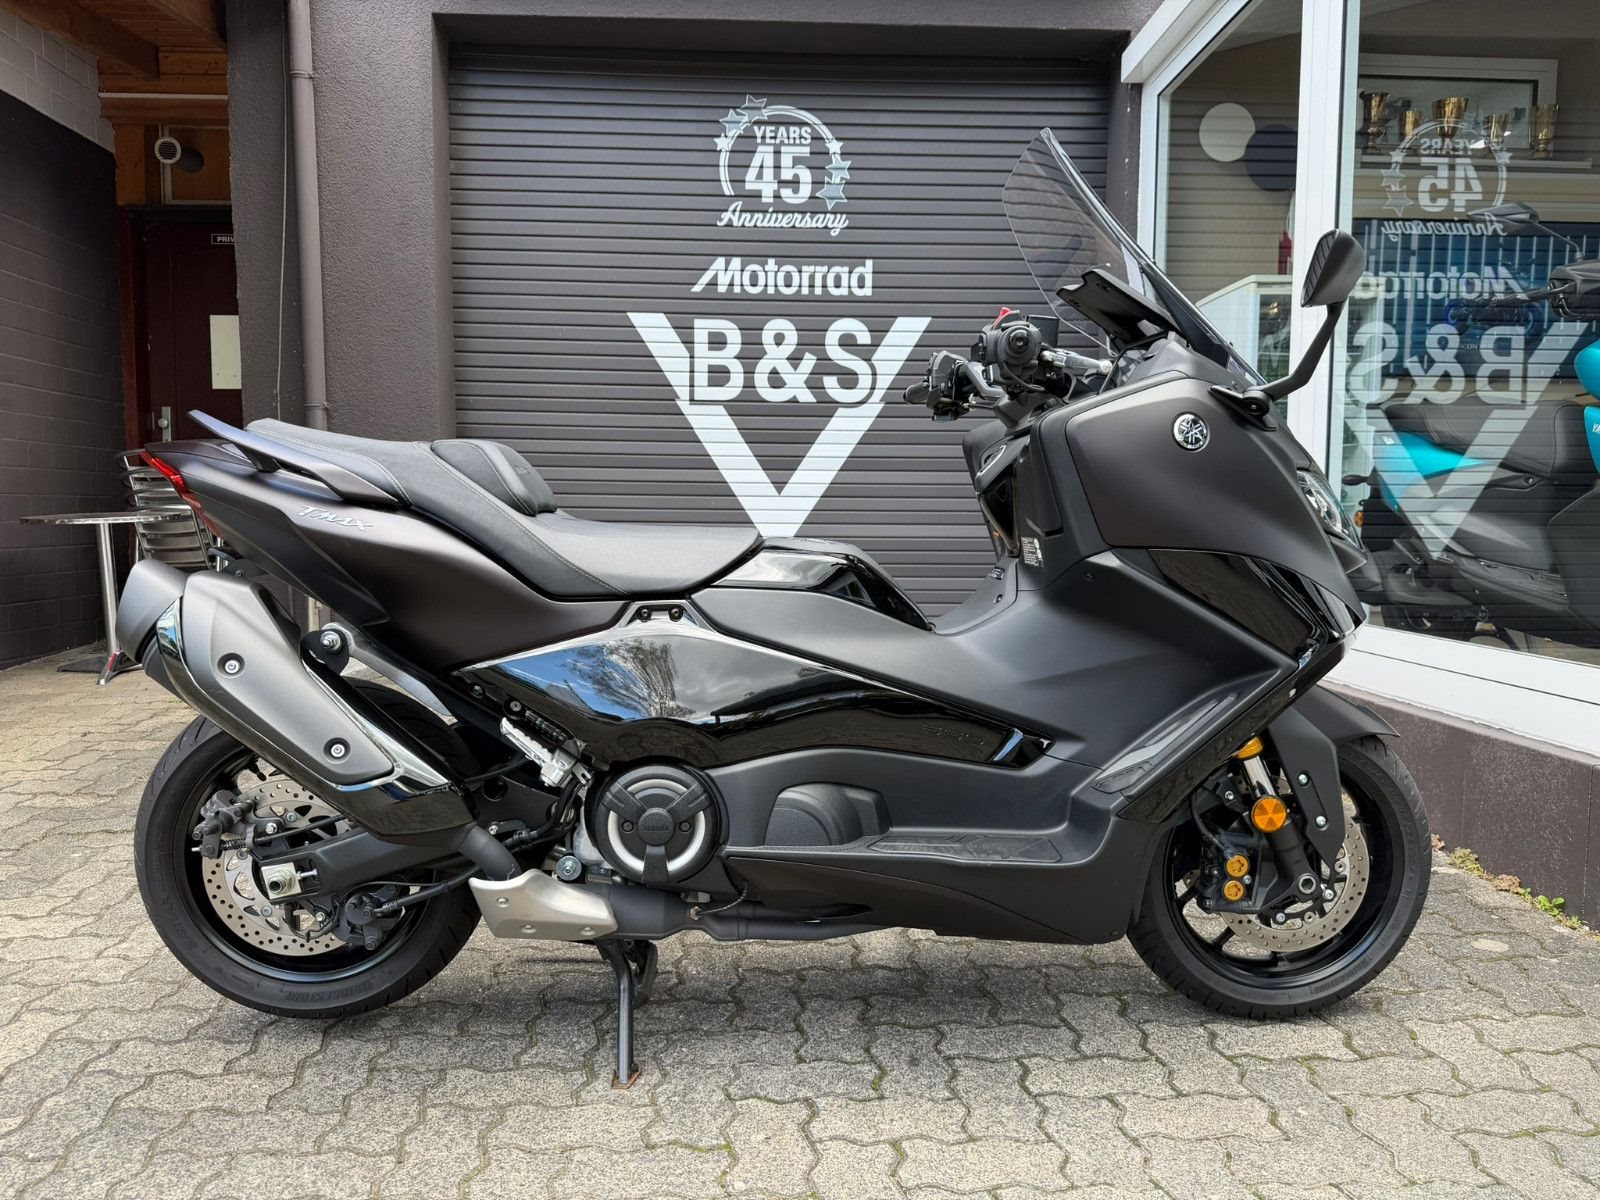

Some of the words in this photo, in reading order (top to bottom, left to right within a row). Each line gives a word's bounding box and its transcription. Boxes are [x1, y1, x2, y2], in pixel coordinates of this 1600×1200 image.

[753, 125, 812, 145] YEARS
[744, 145, 812, 204] 45
[716, 200, 849, 236] Anniversary
[690, 257, 873, 296] Motorrad
[693, 317, 874, 403] B&S
★ ★ ★ ★ ★ ★ ★
EXERCISE PROMPT
Set down all the entries above verbatim, and include none of the pictures.

ANSWER TO THIS PROBLEM
Some of the words in this photo, in reading order (top to bottom, left to right within a row). Each line gives a word's bounding box and its transcription. Boxes are [x1, y1, x2, y2], in pixel coordinates of this 1600×1200 image.

[753, 125, 812, 145] YEARS
[744, 145, 812, 204] 45
[716, 200, 849, 236] Anniversary
[690, 257, 873, 296] Motorrad
[693, 317, 874, 403] B&S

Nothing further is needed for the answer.